BEGIN Exercise material

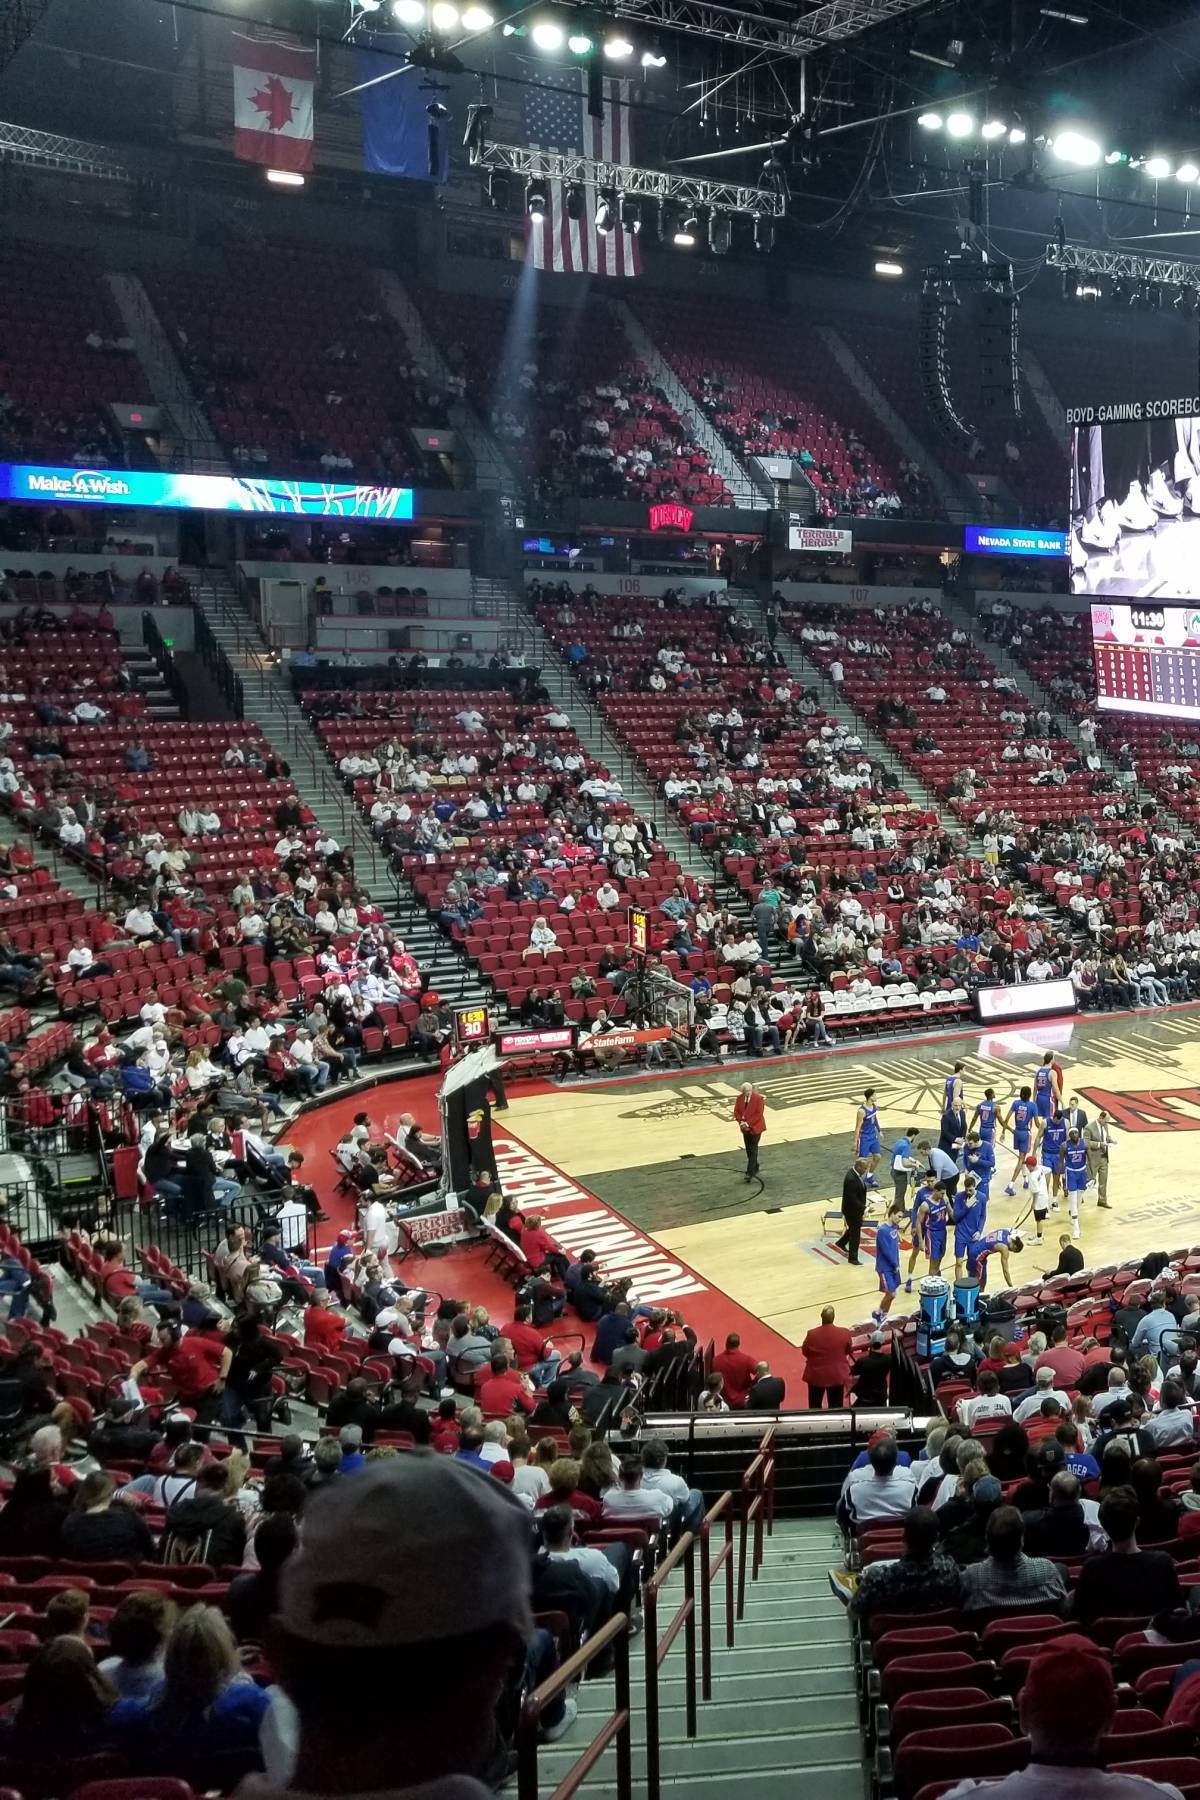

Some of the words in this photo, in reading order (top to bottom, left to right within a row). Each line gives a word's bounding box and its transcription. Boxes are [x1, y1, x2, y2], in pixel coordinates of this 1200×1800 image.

[1066, 408, 1094, 423] BOYD
[1098, 402, 1142, 421] GAMING
[796, 529, 844, 539] TERRIBLE
[801, 538, 839, 548] HERBST
[978, 536, 1010, 546] NEVADA
[1012, 538, 1035, 548] STATE
[1038, 540, 1061, 549] BANK
[618, 579, 640, 593] 106
[850, 589, 868, 602] 107
[1132, 612, 1163, 626] 11:30
[464, 1022, 481, 1035] 30
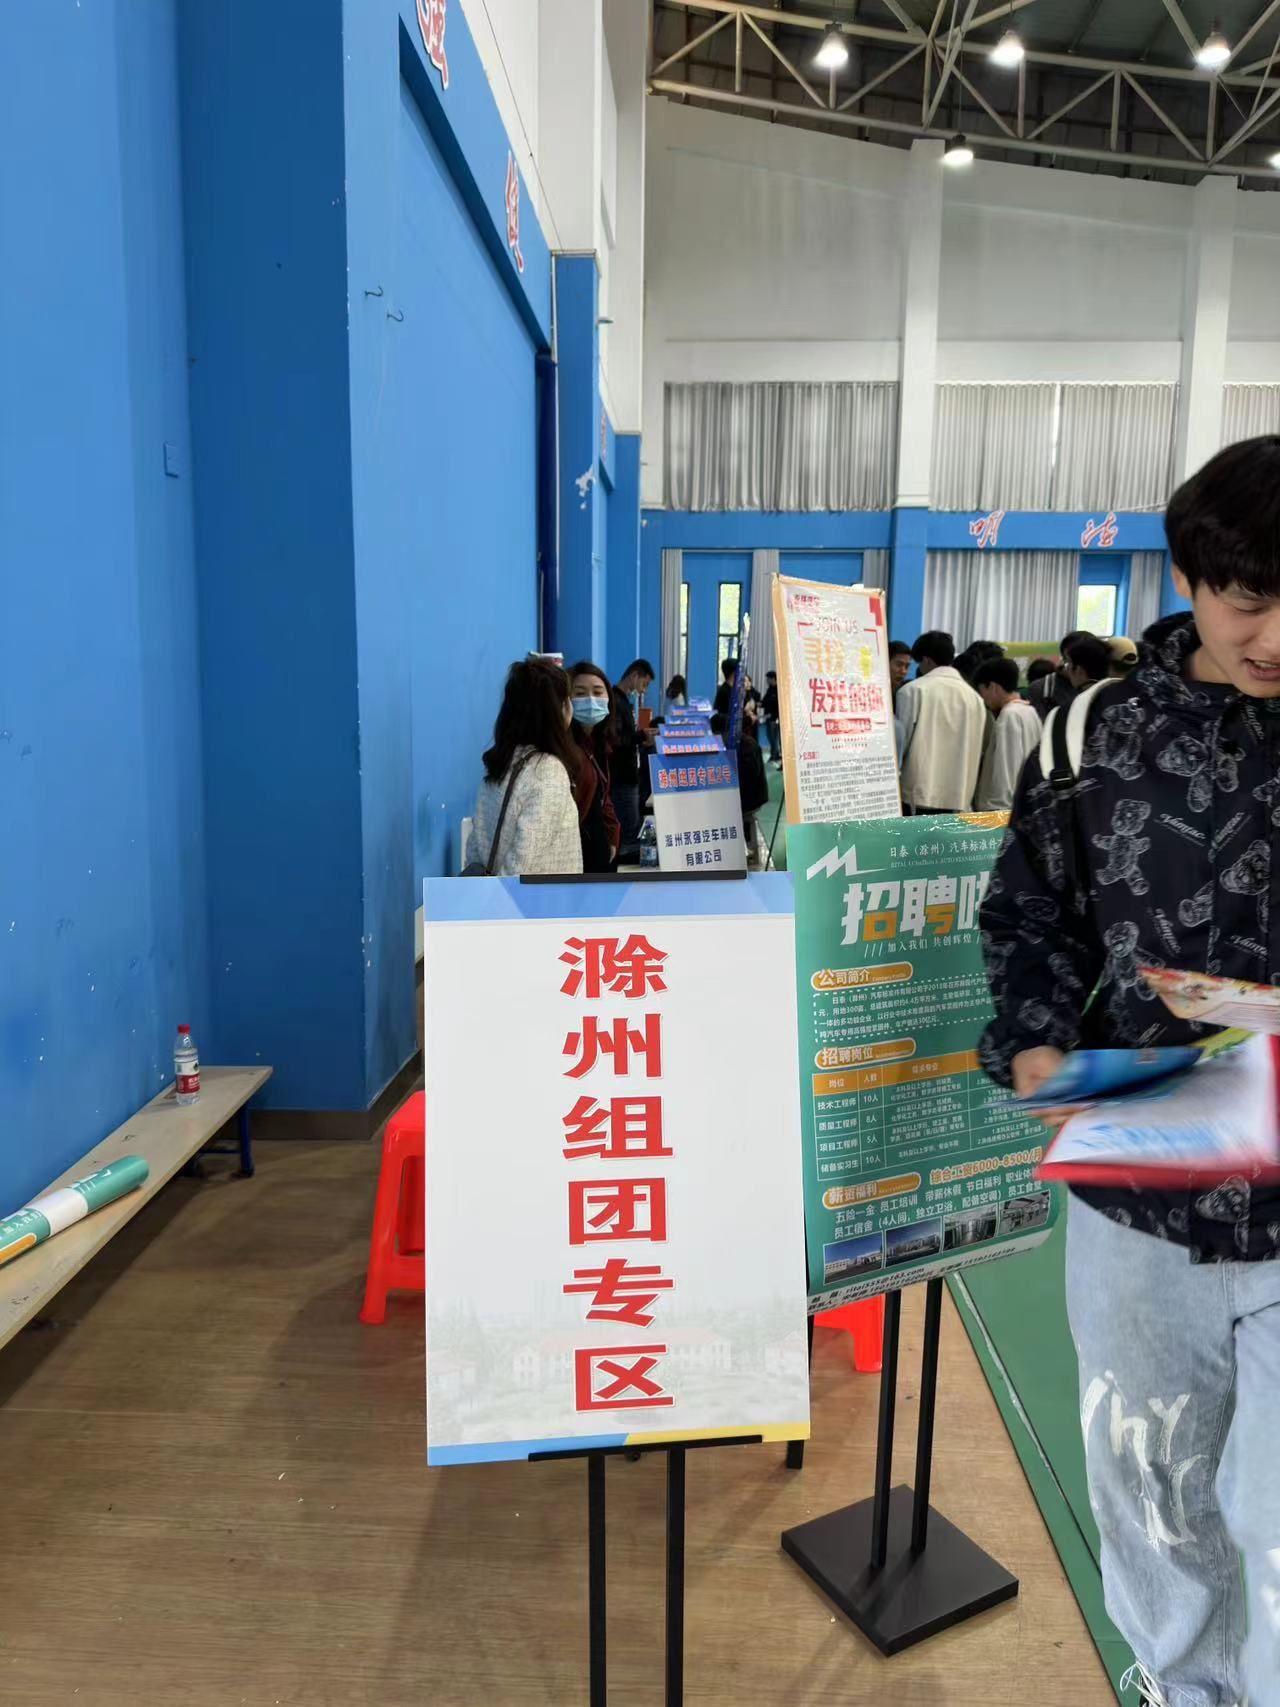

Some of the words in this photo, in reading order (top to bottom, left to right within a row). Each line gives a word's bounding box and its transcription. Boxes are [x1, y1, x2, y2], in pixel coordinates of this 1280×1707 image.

[685, 849, 722, 867] 有限公司
[888, 938, 927, 953] 加入我们
[819, 968, 870, 986] 公司简介
[822, 1047, 873, 1066] 招聘岗位
[818, 1098, 856, 1110] 技术工程师
[864, 1094, 878, 1102] 10人
[820, 1139, 858, 1152] 项目工程师
[867, 1134, 878, 1143] 5人
[821, 1159, 858, 1172] 储备实习生
[866, 1155, 880, 1164] 10人
[557, 933, 675, 1413] 滁州组团专区
[828, 1182, 878, 1205] 薪资福利
[835, 1206, 876, 1225] 五险一金
[879, 1196, 918, 1214] 员工培训
[966, 1174, 1002, 1192] 节日福利
[1005, 1166, 1037, 1184] 职业体
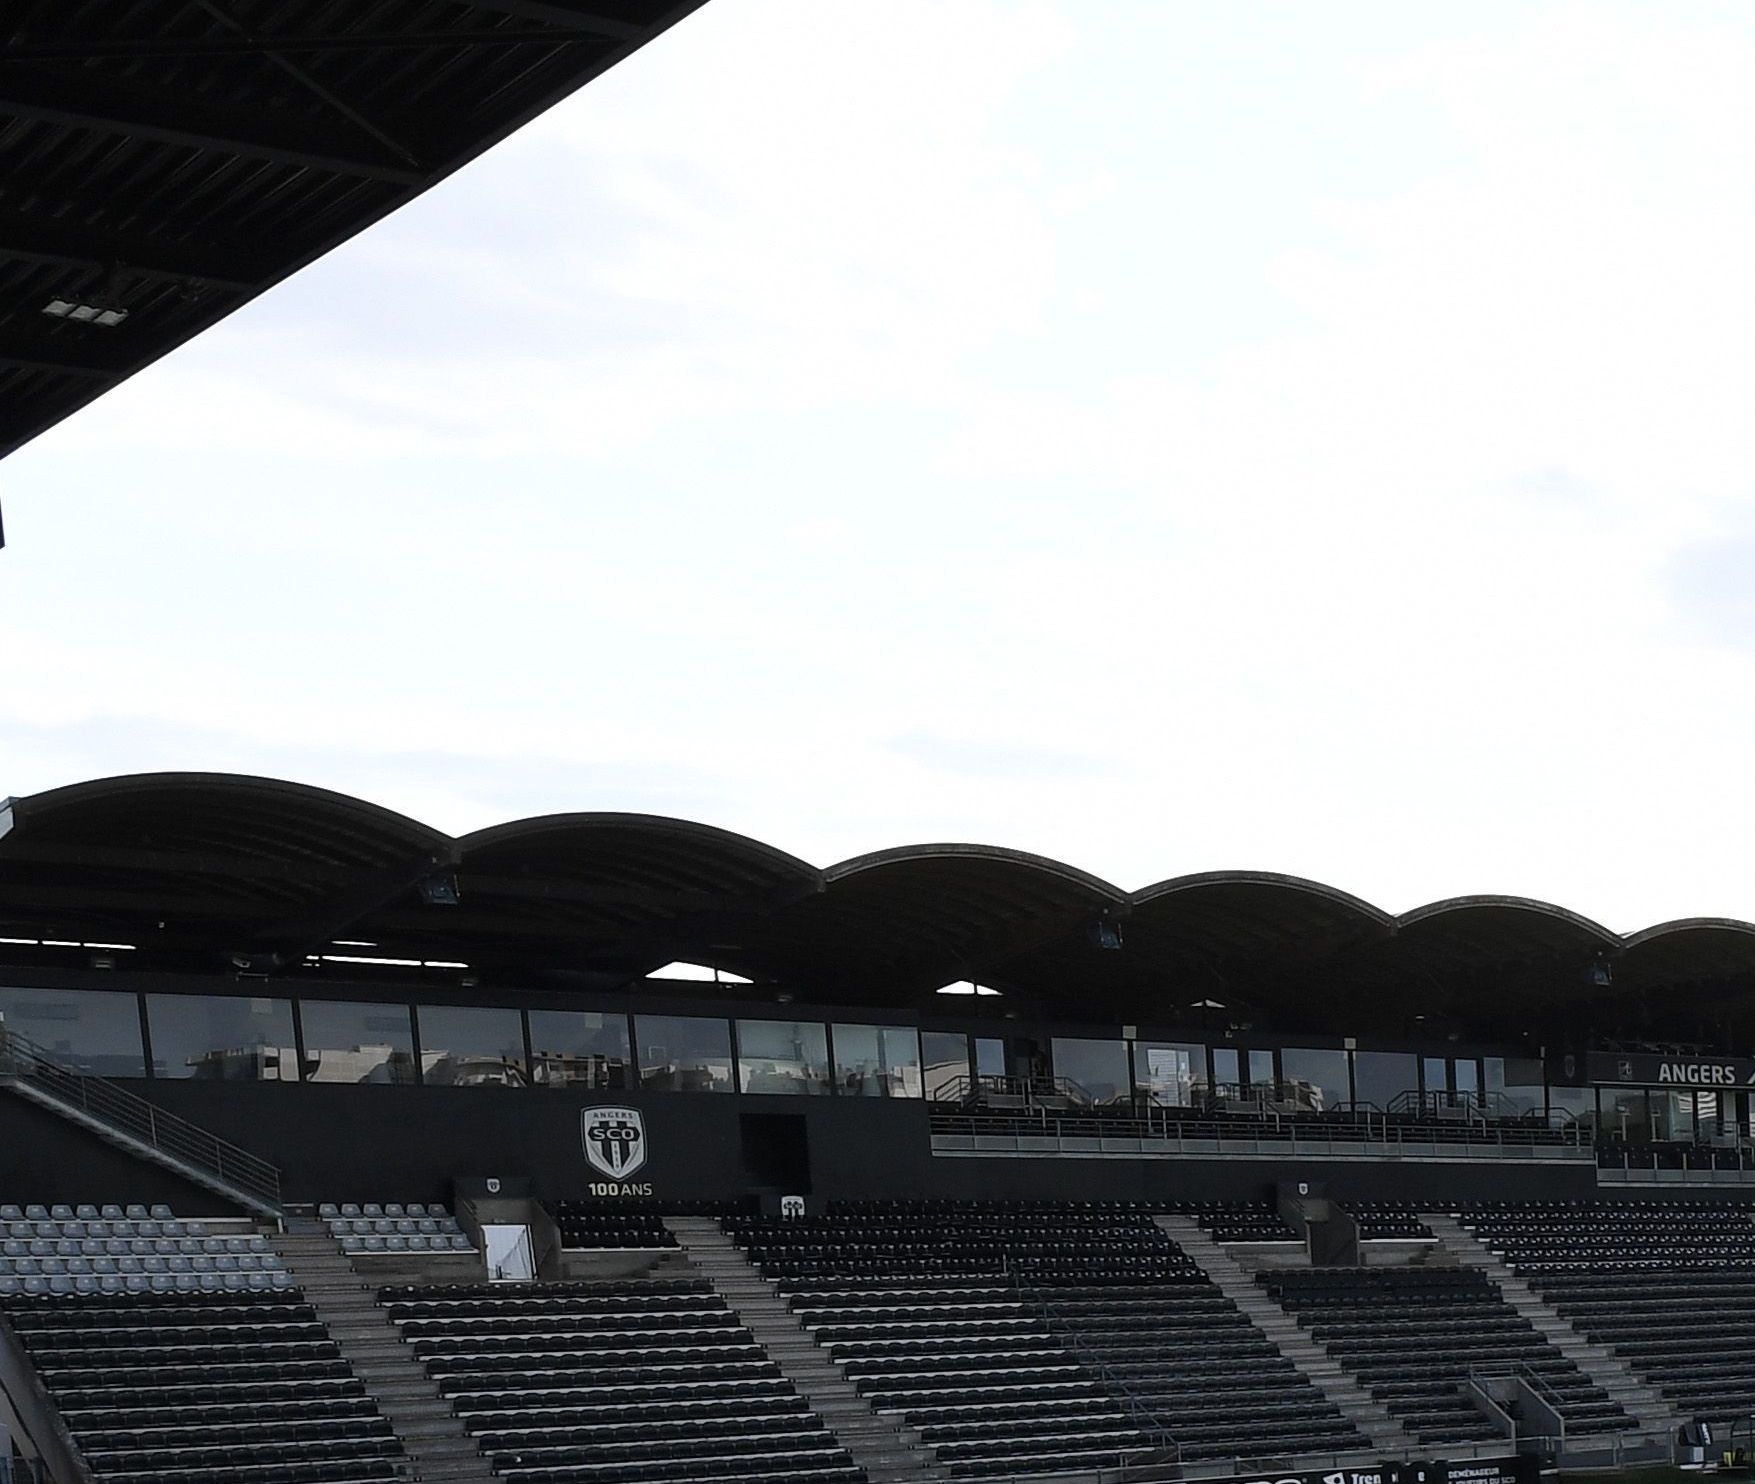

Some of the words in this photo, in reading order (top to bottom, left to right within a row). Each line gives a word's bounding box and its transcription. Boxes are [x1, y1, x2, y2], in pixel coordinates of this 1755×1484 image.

[1658, 1063, 1736, 1084] ANGERS
[593, 1128, 634, 1140] SCO
[588, 1182, 619, 1196] 100
[621, 1183, 653, 1196] ANS

END Exercise material

== Your instructions ==
Restate the entries word for word, though any image they contain should not appear.

== Output below ==
Some of the words in this photo, in reading order (top to bottom, left to right within a row). Each line gives a word's bounding box and its transcription. Boxes are [x1, y1, x2, y2], in pixel coordinates of this 1200×1800 image.

[1066, 408, 1094, 423] BOYD
[1098, 402, 1142, 421] GAMING
[796, 529, 844, 539] TERRIBLE
[801, 538, 839, 548] HERBST
[978, 536, 1010, 546] NEVADA
[1012, 538, 1035, 548] STATE
[1038, 540, 1061, 549] BANK
[618, 579, 640, 593] 106
[850, 589, 868, 602] 107
[1132, 612, 1163, 626] 11:30
[464, 1022, 481, 1035] 30

Some of the words in this photo, in reading order (top to bottom, left to right within a row). Each line gives a word's bounding box and its transcription. Boxes are [x1, y1, x2, y2], in pixel coordinates of this 1280×1707 image.

[685, 849, 722, 867] 有限公司
[888, 938, 927, 953] 加入我们
[819, 968, 870, 986] 公司简介
[822, 1047, 873, 1066] 招聘岗位
[818, 1098, 856, 1110] 技术工程师
[864, 1094, 878, 1102] 10人
[820, 1139, 858, 1152] 项目工程师
[867, 1134, 878, 1143] 5人
[821, 1159, 858, 1172] 储备实习生
[866, 1155, 880, 1164] 10人
[557, 933, 675, 1413] 滁州组团专区
[828, 1182, 878, 1205] 薪资福利
[835, 1206, 876, 1225] 五险一金
[879, 1196, 918, 1214] 员工培训
[966, 1174, 1002, 1192] 节日福利
[1005, 1166, 1037, 1184] 职业体

Some of the words in this photo, in reading order (top to bottom, left to right within a row). Each line gives a word's bounding box and its transcription. Boxes are [x1, y1, x2, y2], in pixel coordinates of this 1755×1484 image.

[1658, 1063, 1736, 1084] ANGERS
[593, 1128, 634, 1140] SCO
[588, 1182, 619, 1196] 100
[621, 1183, 653, 1196] ANS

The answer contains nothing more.